-- Opening Marker --
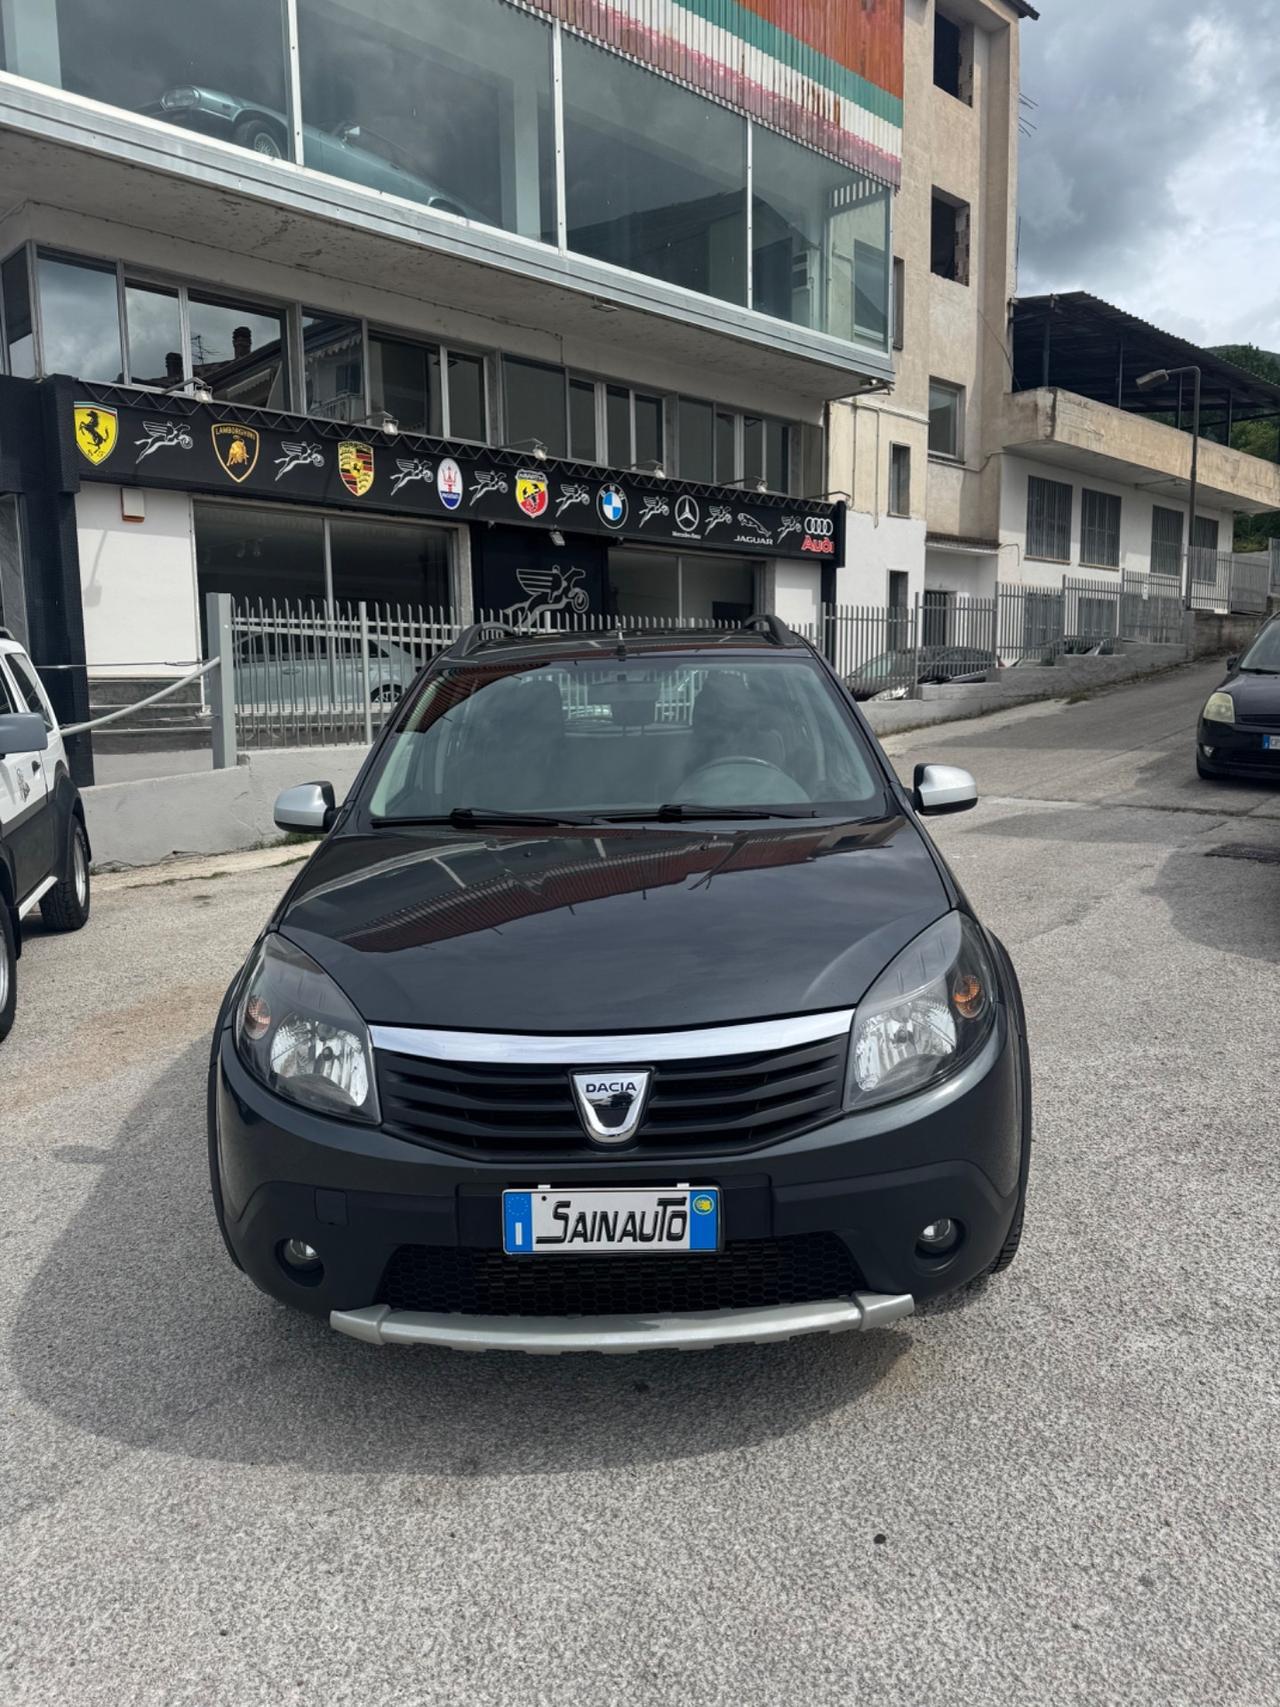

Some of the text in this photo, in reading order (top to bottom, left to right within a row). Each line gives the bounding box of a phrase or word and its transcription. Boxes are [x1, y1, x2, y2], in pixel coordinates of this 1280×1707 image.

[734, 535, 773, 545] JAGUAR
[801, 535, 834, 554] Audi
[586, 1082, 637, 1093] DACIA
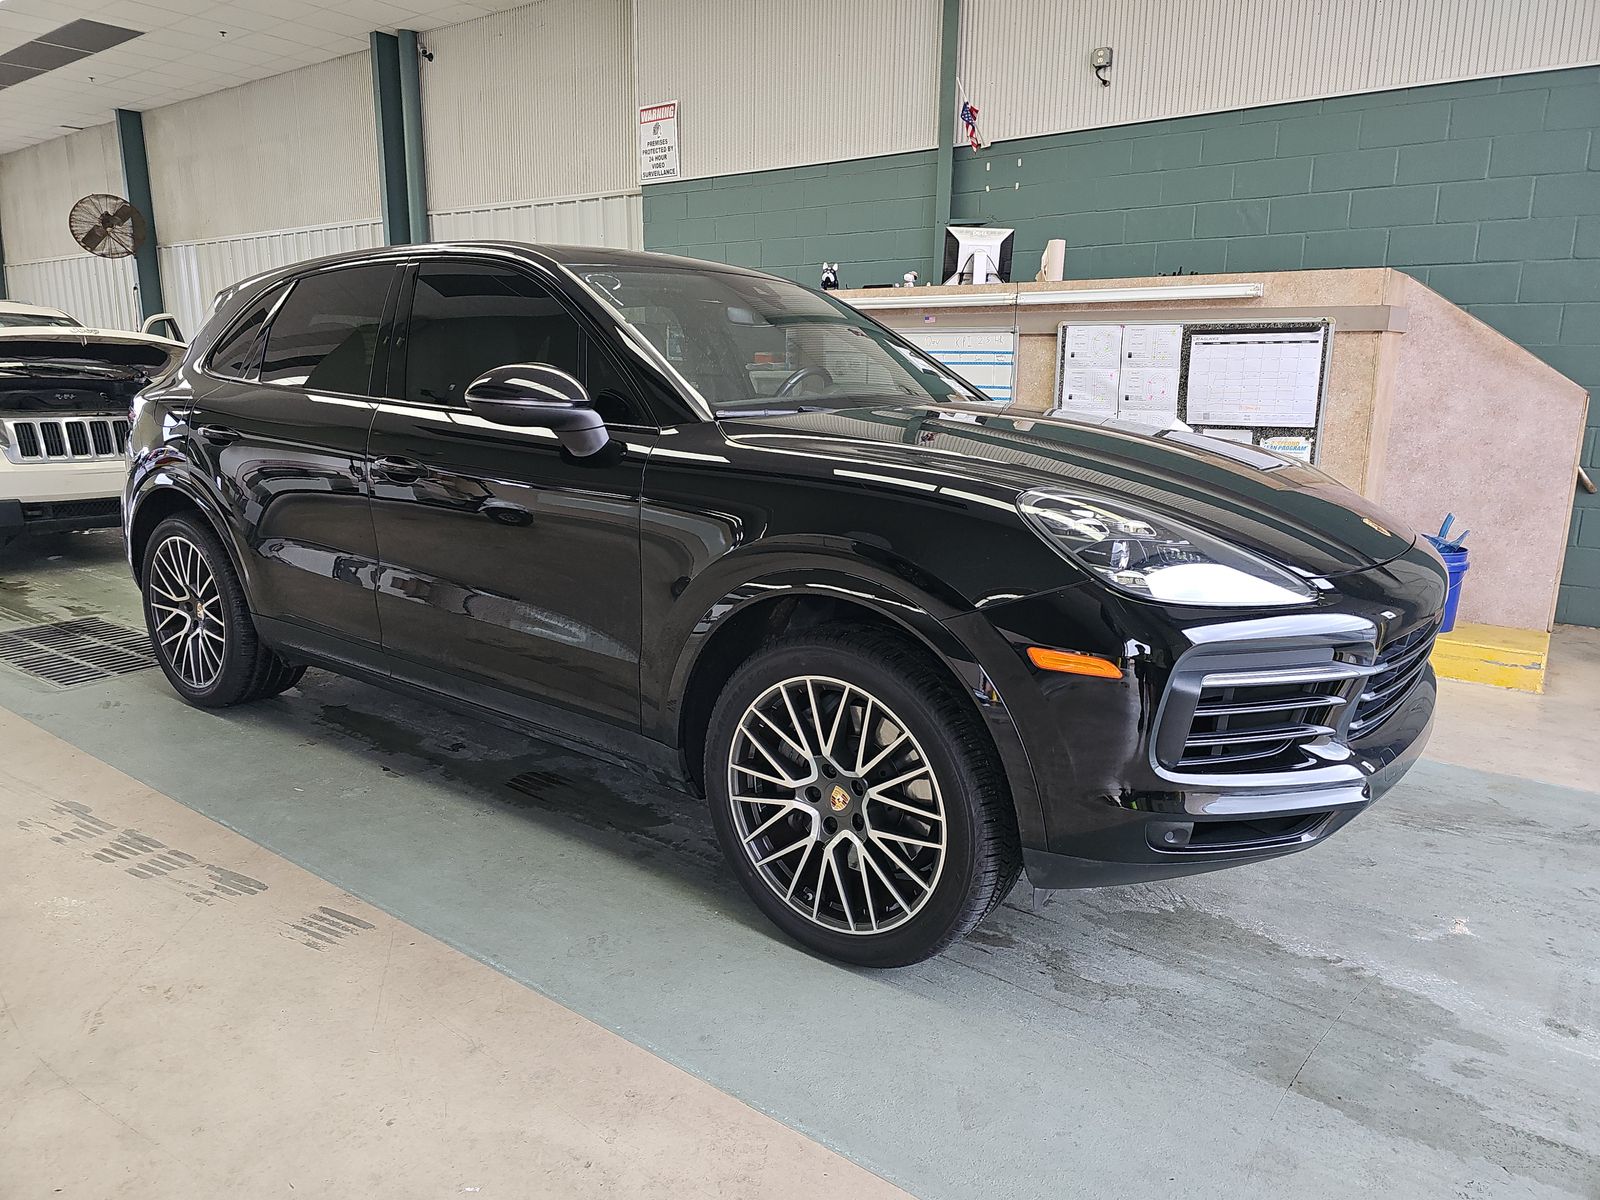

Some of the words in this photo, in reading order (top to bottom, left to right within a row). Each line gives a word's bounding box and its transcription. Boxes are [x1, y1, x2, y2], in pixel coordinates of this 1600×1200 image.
-- Closing Marker --
- WHAT YOU ARE ASKED TO DO -
Please retype the material above exactly, and omit its images.

- OUTPUT -
Some of the text in this photo, in reading order (top to bottom, left to right within a row). Each line gives the bounding box of a phrase or word and its transcription. Boxes are [x1, y1, x2, y2], in pixel coordinates of this 1280×1707 image.

[734, 535, 773, 545] JAGUAR
[801, 535, 834, 554] Audi
[586, 1082, 637, 1093] DACIA

Some of the words in this photo, in reading order (top to bottom, left to right within a row). Each line gives a word's bounding box and its transcription. Boxes are [x1, y1, x2, y2], in pixel coordinates of this 1600×1200 image.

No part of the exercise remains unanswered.